久遠くおんくん、それなら話しができる、落ち着いたところに行こうよ。とりあえずどこかの喫茶店にでも行く?」

 制服でなく私服姿の結月が声をかけてくる。その外見はエデン用のアバターにも関わらず、本人とまったく同じである。このメインエリア、さらには戦場であるクリフォトエリアはエデンのシステム上の制約により、アバターを現実の自分の姿と同じにしないといけない。なので決められた期間ごとに専用のスキャナーを使って全身のデータを取り、本人と同じ外見のアバターにするのであった。

 ちなみに現在レイジと結月が使っているのはデュエルアバター。結月の方は事前にデータを取っておいて、レーシスに用意してもらっていたらしい。これは戦場であるクリフォトエリア限定で力を振るう事ができるアバターなのだが、ほかのエリアだと普通のアバターとまったく同じ仕様になっていた。なぜ今使っているのかというと、クリフォトエリアに向かうにはデュエルアバターでないと入れないからだ。

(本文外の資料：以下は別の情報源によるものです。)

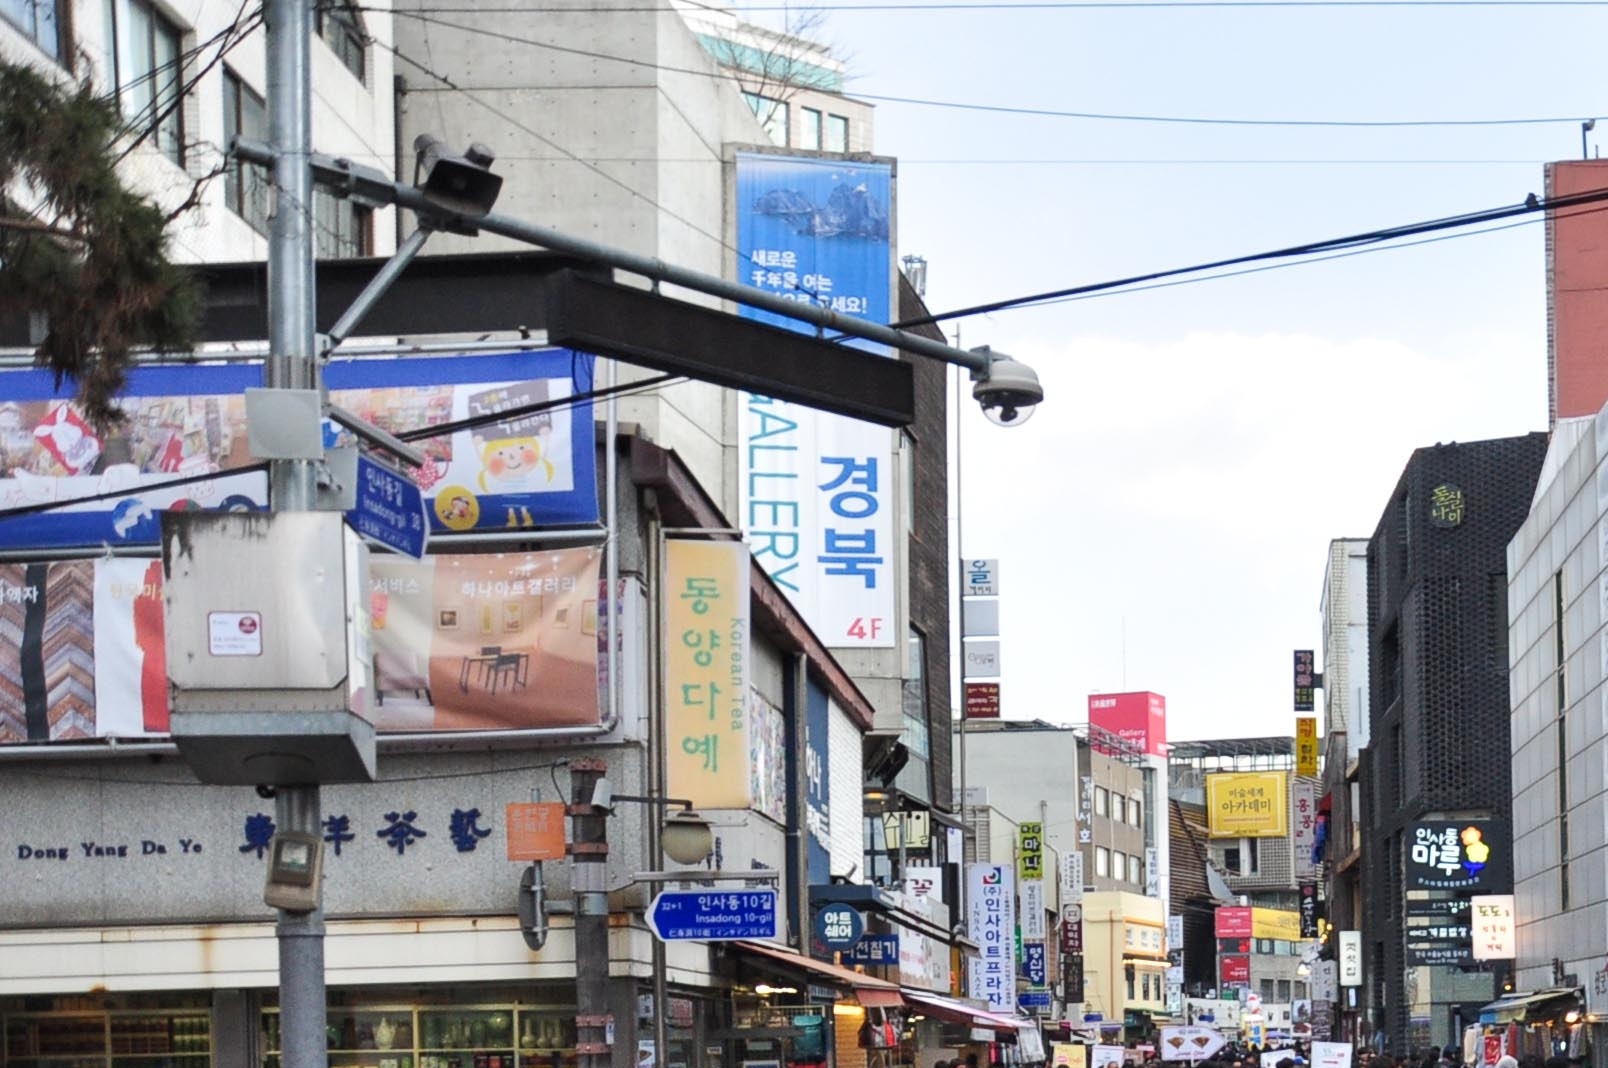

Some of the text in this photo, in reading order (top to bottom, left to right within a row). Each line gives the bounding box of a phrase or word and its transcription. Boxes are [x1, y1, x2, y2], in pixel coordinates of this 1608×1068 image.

「――あまり表沙汰(おもてざた)にできない話なら、私の部屋に招待してもいいけど……」

 結月は手をモジモジしながら、提案してくる。

 エデンの一番のコンセプトとなっているのは人々がセフィロトの様々なサポートのもとデータに直接触れて、より効率的な作業をするというもの。その性質上この世界はゲームのような感覚ではなく、データを扱う作業場という側面が強かった。そのためエデンには居住スペースやビジネスゾーンのように、なんらかの作業をするための場所がいくつも用意されているのである。

 今回結月が言っているのは、個人がエデンでの作業場を借りることができる居住スペースのことであろう。これらは基本高層マンションの形をとっており、一室を借りる形式。部屋の中は独立した広い空間になっていて、払った家賃(やちん)の分いくらでも大きく設定できるのだ。値段はそこまで高くなく学生でも気軽に借りられるようになっていて、一度契約するといつでもその場所に直接入れたり、人を招待出来るようになるのであった。

「さすがにそこまでしなくていいよ。いざとなればビジネスゾーンにある、アイギスの事務所にでも行けばいい話だし」

 ビジネスゾーンも基本は居住スペースのようなものだが、こっちは高層マンションだけでなくオフィスビルや、その仕事にあった外観の様々な形の建物が立ち並び密集している。ようはビジネス街のような形式をとっていた。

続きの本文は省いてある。